EXERCISE DETAILS: What comes back must be the data itself, retyped exactly.

++++

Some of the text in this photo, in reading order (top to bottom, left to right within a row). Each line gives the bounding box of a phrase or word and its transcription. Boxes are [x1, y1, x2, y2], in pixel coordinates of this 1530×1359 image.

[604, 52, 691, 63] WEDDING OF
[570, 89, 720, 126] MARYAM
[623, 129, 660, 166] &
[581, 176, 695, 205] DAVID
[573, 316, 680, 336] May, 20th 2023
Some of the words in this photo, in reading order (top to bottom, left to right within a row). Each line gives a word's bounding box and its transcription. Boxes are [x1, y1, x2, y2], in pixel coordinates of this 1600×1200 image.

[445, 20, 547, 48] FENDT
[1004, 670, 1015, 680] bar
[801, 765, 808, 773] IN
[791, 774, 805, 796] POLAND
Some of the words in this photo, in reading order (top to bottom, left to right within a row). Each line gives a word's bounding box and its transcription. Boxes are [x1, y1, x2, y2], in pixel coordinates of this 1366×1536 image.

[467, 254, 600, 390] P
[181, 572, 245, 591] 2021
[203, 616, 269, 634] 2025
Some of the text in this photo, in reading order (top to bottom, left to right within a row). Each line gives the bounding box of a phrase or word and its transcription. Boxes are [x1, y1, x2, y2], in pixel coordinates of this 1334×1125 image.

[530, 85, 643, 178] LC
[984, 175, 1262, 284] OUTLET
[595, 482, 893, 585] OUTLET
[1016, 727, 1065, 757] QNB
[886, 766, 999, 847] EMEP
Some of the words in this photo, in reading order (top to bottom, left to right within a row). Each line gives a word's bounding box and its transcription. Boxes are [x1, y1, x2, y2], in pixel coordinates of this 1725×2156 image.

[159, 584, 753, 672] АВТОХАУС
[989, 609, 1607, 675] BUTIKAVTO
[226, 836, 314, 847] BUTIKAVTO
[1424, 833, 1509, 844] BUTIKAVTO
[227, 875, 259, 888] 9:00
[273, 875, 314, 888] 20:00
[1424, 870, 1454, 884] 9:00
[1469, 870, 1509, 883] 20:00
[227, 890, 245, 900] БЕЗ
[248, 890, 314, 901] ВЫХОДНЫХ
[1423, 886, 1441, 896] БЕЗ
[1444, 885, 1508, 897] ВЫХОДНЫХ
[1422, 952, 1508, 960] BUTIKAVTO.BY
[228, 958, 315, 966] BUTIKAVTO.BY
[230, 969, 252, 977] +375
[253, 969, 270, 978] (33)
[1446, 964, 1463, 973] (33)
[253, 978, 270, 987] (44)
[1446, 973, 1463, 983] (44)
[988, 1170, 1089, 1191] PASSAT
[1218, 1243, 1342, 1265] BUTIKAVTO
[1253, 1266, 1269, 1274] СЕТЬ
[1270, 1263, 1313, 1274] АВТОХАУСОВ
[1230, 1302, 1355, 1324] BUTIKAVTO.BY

++++

EXERCISE SOLUTION:
Some of the text in this photo, in reading order (top to bottom, left to right within a row). Each line gives the bounding box of a phrase or word and its transcription. Boxes are [x1, y1, x2, y2], in pixel coordinates of this 1530×1359 image.

[604, 52, 691, 63] WEDDING OF
[570, 89, 720, 126] MARYAM
[623, 129, 660, 166] &
[581, 176, 695, 205] DAVID
[573, 316, 680, 336] May, 20th 2023
Some of the words in this photo, in reading order (top to bottom, left to right within a row). Each line gives a word's bounding box and its transcription. Boxes are [x1, y1, x2, y2], in pixel coordinates of this 1600×1200 image.

[445, 20, 547, 48] FENDT
[1004, 670, 1015, 680] bar
[801, 765, 808, 773] IN
[791, 774, 805, 796] POLAND
Some of the words in this photo, in reading order (top to bottom, left to right within a row). Each line gives a word's bounding box and its transcription. Boxes are [x1, y1, x2, y2], in pixel coordinates of this 1366×1536 image.

[467, 254, 600, 390] P
[181, 572, 245, 591] 2021
[203, 616, 269, 634] 2025
Some of the text in this photo, in reading order (top to bottom, left to right within a row). Each line gives the bounding box of a phrase or word and its transcription. Boxes are [x1, y1, x2, y2], in pixel coordinates of this 1334×1125 image.

[530, 85, 643, 178] LC
[984, 175, 1262, 284] OUTLET
[595, 482, 893, 585] OUTLET
[1016, 727, 1065, 757] QNB
[886, 766, 999, 847] EMEP
Some of the words in this photo, in reading order (top to bottom, left to right within a row). Each line gives a word's bounding box and its transcription. Boxes are [x1, y1, x2, y2], in pixel coordinates of this 1725×2156 image.

[159, 584, 753, 672] АВТОХАУС
[989, 609, 1607, 675] BUTIKAVTO
[226, 836, 314, 847] BUTIKAVTO
[1424, 833, 1509, 844] BUTIKAVTO
[227, 875, 259, 888] 9:00
[273, 875, 314, 888] 20:00
[1424, 870, 1454, 884] 9:00
[1469, 870, 1509, 883] 20:00
[227, 890, 245, 900] БЕЗ
[248, 890, 314, 901] ВЫХОДНЫХ
[1423, 886, 1441, 896] БЕЗ
[1444, 885, 1508, 897] ВЫХОДНЫХ
[1422, 952, 1508, 960] BUTIKAVTO.BY
[228, 958, 315, 966] BUTIKAVTO.BY
[230, 969, 252, 977] +375
[253, 969, 270, 978] (33)
[1446, 964, 1463, 973] (33)
[253, 978, 270, 987] (44)
[1446, 973, 1463, 983] (44)
[988, 1170, 1089, 1191] PASSAT
[1218, 1243, 1342, 1265] BUTIKAVTO
[1253, 1266, 1269, 1274] СЕТЬ
[1270, 1263, 1313, 1274] АВТОХАУСОВ
[1230, 1302, 1355, 1324] BUTIKAVTO.BY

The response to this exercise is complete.